1937 film by A. Edward Sutherland

Champagne Waltz is a 1937 American comedy film directed by A. Edward Sutherland and starring Gladys Swarthout, Fred MacMurray and Jack Oakie. The theme of the film was inspired by the eponymous hit song, written in 1934, by the compositional pair Con Conrad and Ben Oakland. It is one of five movies produced by Paramount in the 1930s featuring Swarthout, a very popular Metropolitan Opera mezzo-soprano. The studio was attempting to build on the popularity of Grace Moore, another opera singer, who had also expanded her talents into movies. The film's sets were designed by the art director Ernst Fegté working with Hans Dreier. The costume designer was Travis Banton.

==Plot==
This is a light musical with elements of screwball comedy. It documents the rivalry between a Vienna Waltz studio and the American jazz band that moves in next door. Franz Strauss is stressed because his waltz palace is losing business to the jazz club where Fred MacMurray's band is performing. He pretends to be the US Consul when he encounters Swarthout, the daughter of the waltz studio owner. He changes the story to be an icebox salesman in order to continue wooing Swarthout. Meanwhile, Oakie is falling for a countess who sold him a fake silver service.

==Cast==

- Gladys Swarthout as Elsa Strauss
- Fred MacMurray as Buzzy Bellew
- Jack Oakie as Happy Gallagher
- Frank Veloz as Larry
- Yolanda Casazza as Anna
- Herman Bing as Max Snellinek
- Fritz Leiber as Franz Strauss
- Vivienne Osborne as Countess Mariska
- Frank Forest as Karl Lieberlich
- Ernest Cossart as Waiter
- Benny Baker as 	Flip
- James Burke as Mr. Scribner
- Maude Eburne as Mrs.

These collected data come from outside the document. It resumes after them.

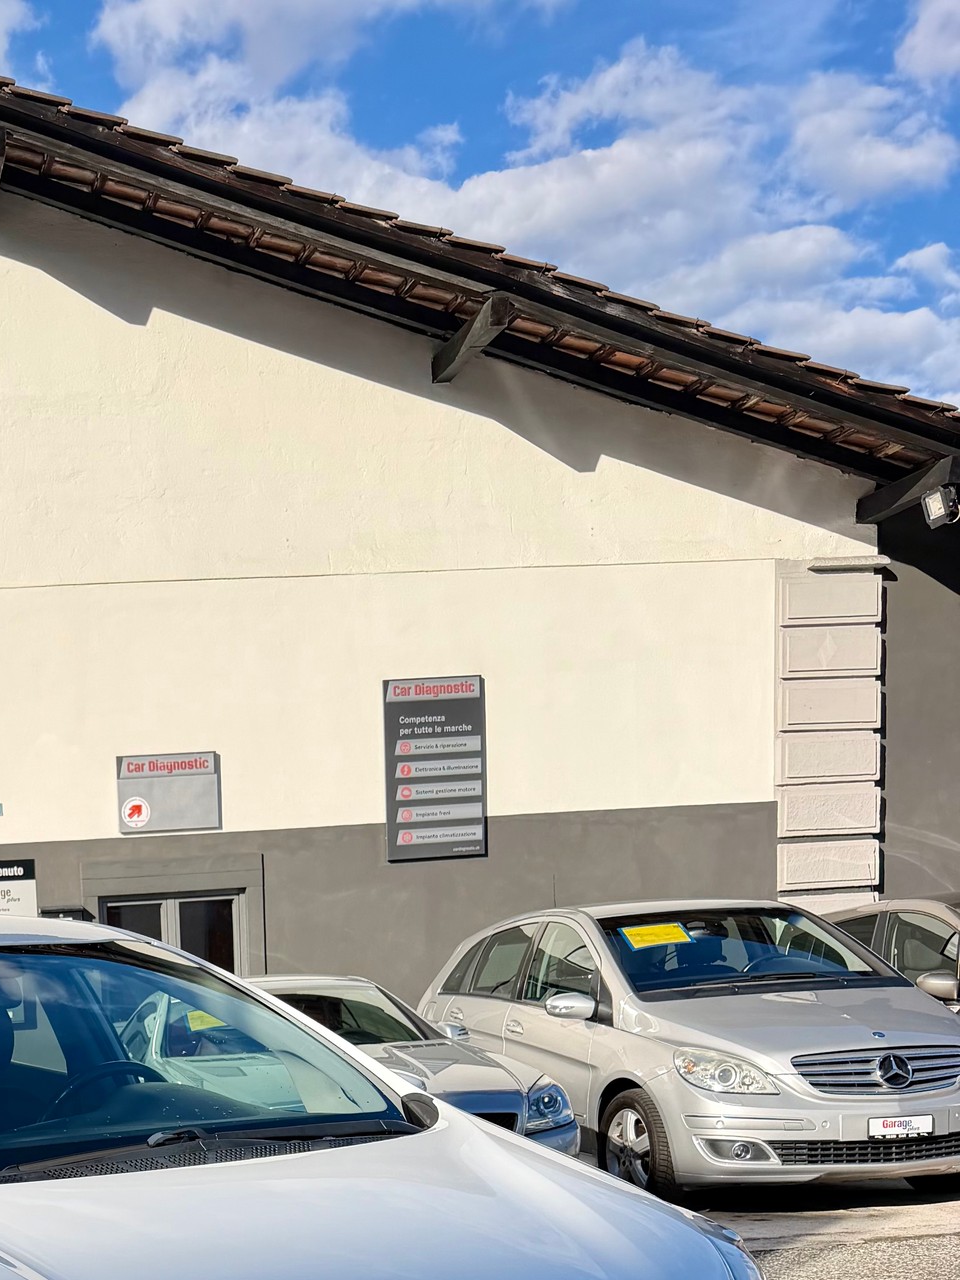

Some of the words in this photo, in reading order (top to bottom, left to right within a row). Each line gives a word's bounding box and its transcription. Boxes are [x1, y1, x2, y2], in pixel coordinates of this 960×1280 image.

[393, 685, 411, 697] Car
[414, 681, 475, 697] Diagnostic
[399, 715, 445, 725] Competenza
[400, 728, 412, 736] per
[414, 726, 433, 734] tutte
[444, 724, 472, 732] marche
[126, 761, 146, 773] Car
[148, 757, 209, 774] Diagnostic
[6, 896, 21, 904] plus
[882, 1119, 913, 1130] Garage

Scribner
- Maurice Cass as 	Hugo
- Guy Bates Post as Lumvedder
- Michael Visaroff as Ivanovitch
- Rudolph Anders as Emperor Franz Joseph
- Stanley Price as 	Johann Strauss
- Tommy Bond as Otto, Singing Student
- Carol Adams as Dancer

==Songs==
Source:
- "The Blue Danube Waltz", music by Johann Strauss, lyrics by Leo Robin
- "The Champagne Waltz", music by Con Conrad and Ben Oakland, lyrics by Milton Drake
- "Could I Be In Love?", music by William Daly, lyrics by Leo Robin
- "I'll Take Romance", music by Ben Oakland, lyrics by Oscar Hammerstein II
- "The Merry-Go-Round", by Ann Ronell
- "Paradise In Waltz Time", music by Friedrich Hollaender (as Frederick Hollander), lyrics by Sam Coslow
- "When Is A Kiss Not A Kiss", music by Burton Lane, lyrics by Ralph Freed

==Critical reception==
Time gave the movie a poor review as a "heavy-handed musical naively designed to combine the best features of jazz with those of the Viennese waltz."

In their March, 1937 edition, Modern Screen gave the film a one-star review, and wrote, "Champagne Waltz is a disappointment. With a cast headed by Gladys Swarthout, Fred MacMurray, and Jack Oakie one expects a gay and charming piece full of laughs and good music. The result, instead is a rather dull, old-fashioned operetta which never lives up to the promise of its title."

Variety offered a more positive assessment and stated that it was the best of the three films Gladys Swarthout had so far made for Paramount but, despite high production values, was still considered to be a "box office middleweight." Aided by the "driving power" of Fred MacMurray’s presence, "the mark of the prima donna is less apparent this time and she becomes a more appealing personality."

==See also==
- Rose of the Rancho (1936)
- Give Us This Night (1936)
- Romance in the Dark (1938)
- Ambush (1939)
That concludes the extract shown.